Burggrave snatched the biro from his colleague’s outstretched
hand and glared at him. Then he sat down in the plastic chair that
was facing me from across the interview table.

“Your picture,” Burggrave said, opening the inside back cover of
the book, “it is not you.”

“You’re right.”

“Why is this?”

“Women readers like a handsome author,” I said, shrugging. “This
guy was a catalogue model, I believe.”

“But you use your real name.”

“It’s a paradox, alright.”

“You write books about criminals.”

“A burglar, yes.”

He raised an eyebrow. “And you are a criminal.”

“Well now,” I said, scratching my head, “I can only assume
you’re referring to an incident from when I was a much younger
man.”

“You were convicted for theft.”

“Actually, for giving, though I admit there was a little
stealing before that. I was sentenced to a short spell of community
service. What of it?”

Burggrave chewed his lip and leaned back in his chair. “It is
interesting, I think, that you are a criminal, and that you write
books about a criminal, and that you lie about meeting a
criminal.”

“Well,” I said, “I don’t class myself as a criminal. And as for
lying, I’m afraid I don’t know what you’re talking about.”

Burggrave made a show of shaking his head, as though he was
mystified by my response, and then he removed his gleaming
spectacles to buff them unnecessarily with his handkerchief. When
he was done, he put his spectacles back on and blinked at me, as if
he was seeing me for the first time, almost as though the glasses
had suddenly afforded him a rare form of super-sight that enabled
him to see clean through my lies.

“You told me you did not meet Mr. Park.”

“Did I? I have to admit I don’t remember the finer details of
our conversation.”

“You said you did not meet him. But I have witnesses. Three men
who saw you in Café de Brug on Wednesday evening.”
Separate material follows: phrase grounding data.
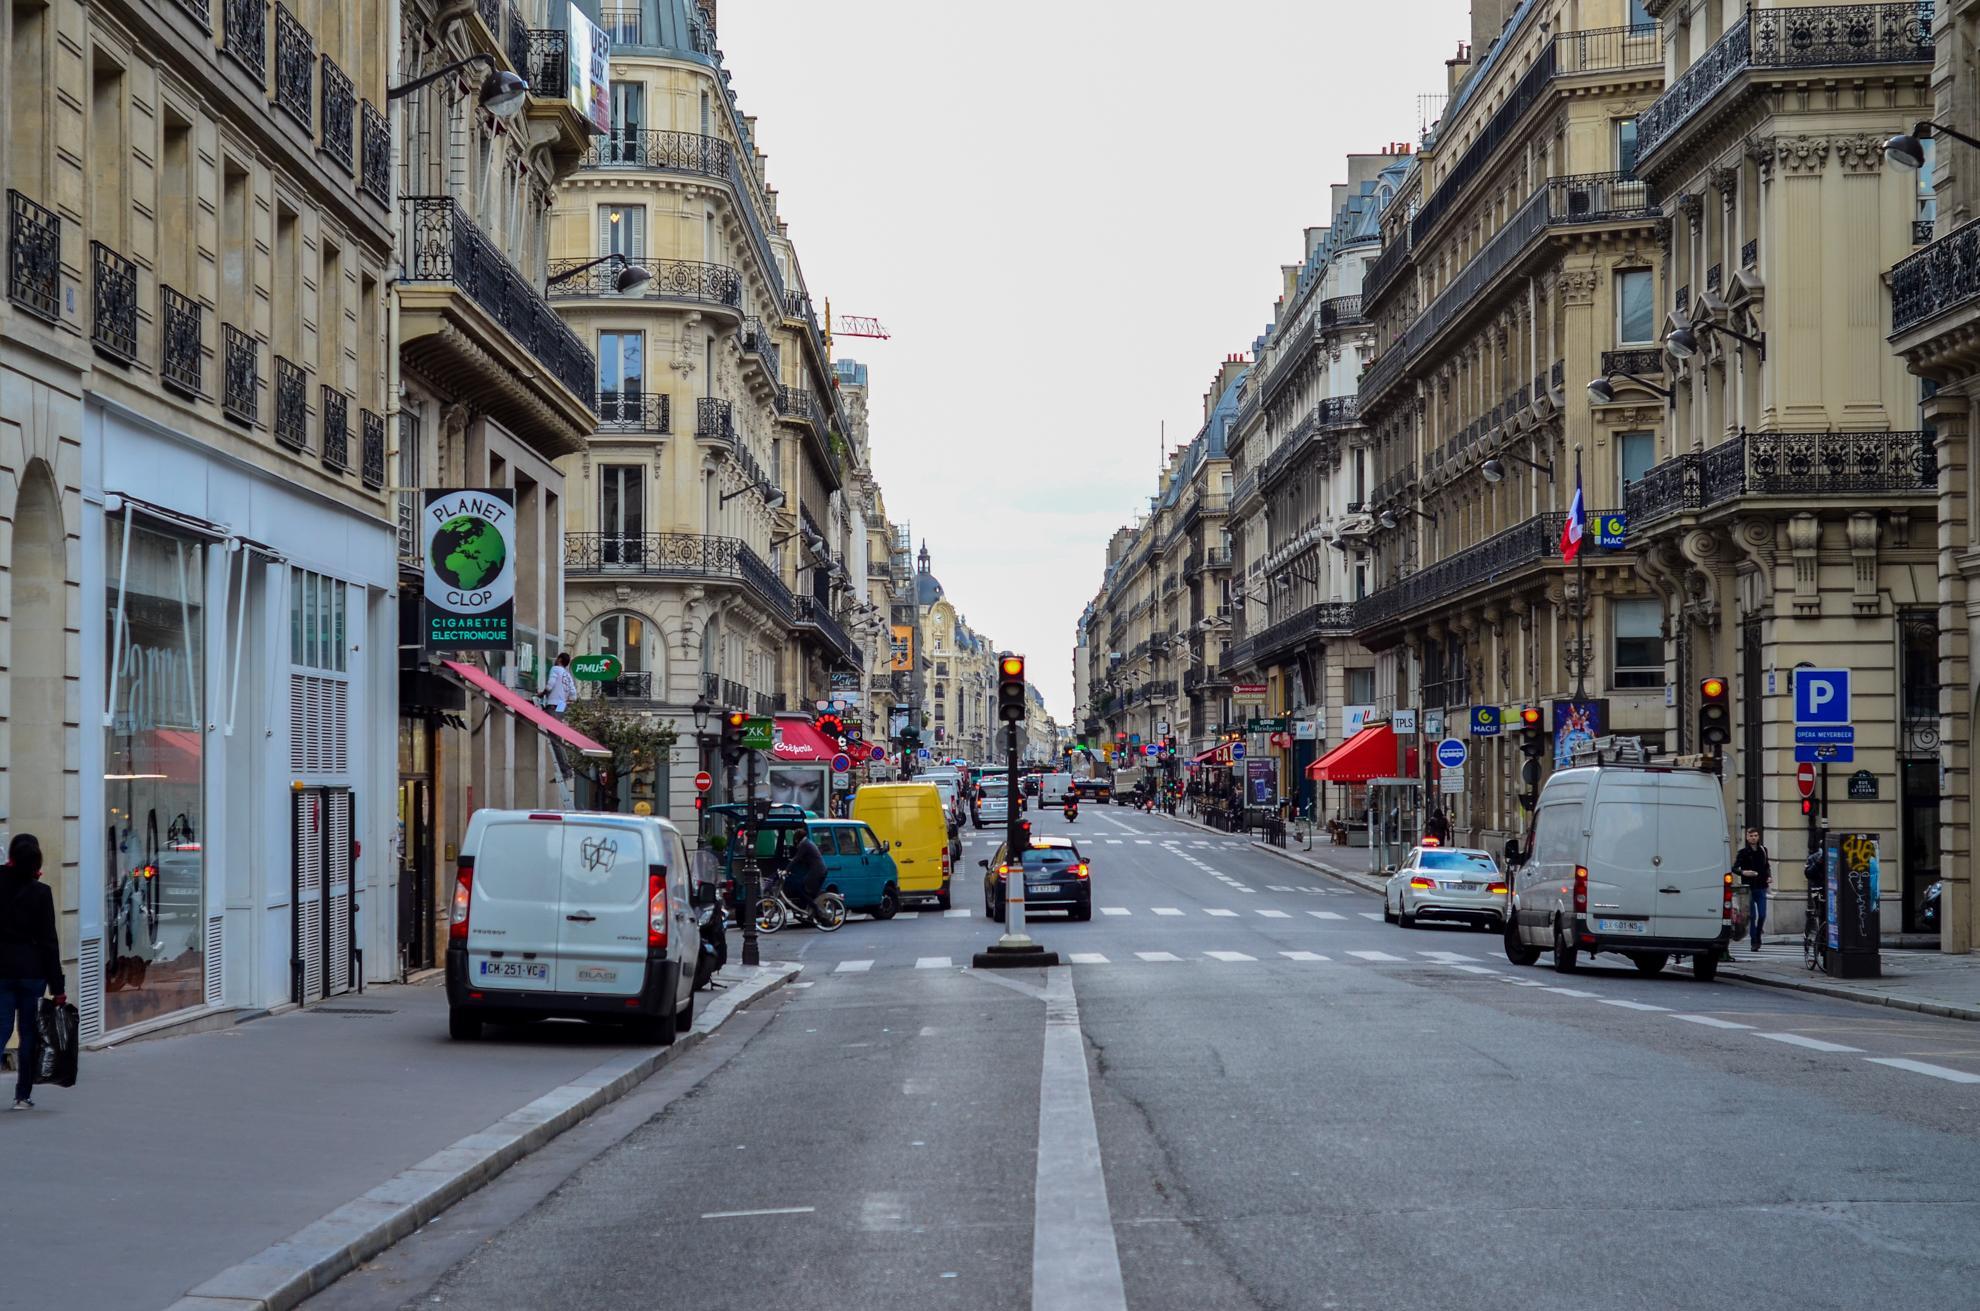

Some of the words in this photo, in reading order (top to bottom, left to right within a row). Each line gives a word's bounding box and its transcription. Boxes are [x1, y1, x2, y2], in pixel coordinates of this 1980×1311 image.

[432, 498, 506, 523] PLANET
[1603, 537, 1625, 545] MAC
[446, 590, 493, 606] CLOP
[431, 618, 508, 628] CIGARETTE
[431, 630, 508, 640] ELECTRONIQUE
[575, 663, 598, 673] PMU
[1809, 679, 1835, 714] P
[1396, 718, 1414, 729] TPLS
[1473, 725, 1498, 733] MACIF
“Well how can that be?” I asked. “I hope you didn’t show them
the picture from the back of my novel. That could be most
misleading.”

“They described you.”

“They must have very vivid powers of description.”

“I can arrange an identity line, if you wish.”
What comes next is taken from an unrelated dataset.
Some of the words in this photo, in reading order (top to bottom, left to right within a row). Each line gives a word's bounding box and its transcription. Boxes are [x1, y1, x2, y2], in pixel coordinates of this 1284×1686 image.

I thought about it. There seemed little point in goading him
further.

“I don’t think that will be necessary,” I said.

“So you admit you were there, that you lied to me before?”

“I met with Mr. Park, yes. But as I say, I’m afraid I don’t
remember exactly what was said in our previous conversation. I know
I wasn’t under caution then.”

Burggrave made a growling noise deep in his throat.

“Why did you meet?” he snapped.

“I’d really rather not say.”

“You are under arrest now,” he said, pointing his finger at
me.

“You must answer my questions. This man is in hospital.”

“I’m not responsible for that.”

“Prove this.”

“How?”

“Answer my questions!”

“I’m not sure you’ll believe me. I think you have a closed mind,
Inspector.” I turned to his wordless companion. “Is he often this
way?” I asked.

The officer looked at me dumbly, then shook his head in a
self-conscious fashion. He was using his biro to make notes on a
pad of yellow writing paper. I couldn’t read what he was writing
because it was all in Dutch. Perhaps it was a book report on my
novel.

“Tell me why you met him,” Burggrave demanded.

“Alright,” I said. “I will. He wanted me to write a book.”

“A book?”

“His memoirs. He mentioned that he’d been in prison, for theft I
believe. I understand he even killed a man. He had the idea I could
write his story for him, given that I write books about burglary. I
told him that wasn’t possible. I’m a fiction writer, not a
biographer.”

“This you expect me to believe?”

“Believe what you like,” I told him. “It’s the truth. And I
didn’t tell you before because as far as I’m concerned a man’s past
is his own business. What difference would it make?”

Burggrave gave a testy shake of his head, then gestured for his
colleague to note down what was about to be said. “You left at what
time?”

“Nine o’clock, maybe.”

“Did you meet him the next night?”

“No.”

“Where were you when he was attacked?”

“I have no idea when that was.”

“Thursday night.”

“I was writing,” I said. “Finishing my latest book.”

“And you did not leave your apartment?”

Something about his tone put me on my guard.

“Let me see, I may have gone out for a quick stroll. Yes, I
think I remember now. Not long after ten o’clock or so.”

“Where?”

“Just around the neighbourhood.”

“To St. Jacobsstraat?”

“Possibly. I don’t remember too clearly.”

“Try Mr. Howard. I think you had better try much harder.”

He stood up and said something to his colleague in Dutch.

“He will take you to your cell,” he told me. “You will eat.”

“You’re not letting me go?”

“You are under arrest. Do not forget this.”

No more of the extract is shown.